Repeat the whole listing exactly.
BEGIN Records shown
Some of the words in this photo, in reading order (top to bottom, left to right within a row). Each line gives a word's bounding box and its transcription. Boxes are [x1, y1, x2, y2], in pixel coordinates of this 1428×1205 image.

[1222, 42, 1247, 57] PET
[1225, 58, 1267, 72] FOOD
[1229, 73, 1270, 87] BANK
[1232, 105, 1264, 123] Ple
END Records shown
### Result of the task
Some of the words in this photo, in reading order (top to bottom, left to right within a row). Each line gives a word's bounding box and its transcription. Boxes are [x1, y1, x2, y2], in pixel coordinates of this 1428×1205 image.

[1222, 42, 1247, 57] PET
[1225, 58, 1267, 72] FOOD
[1229, 73, 1270, 87] BANK
[1232, 105, 1264, 123] Ple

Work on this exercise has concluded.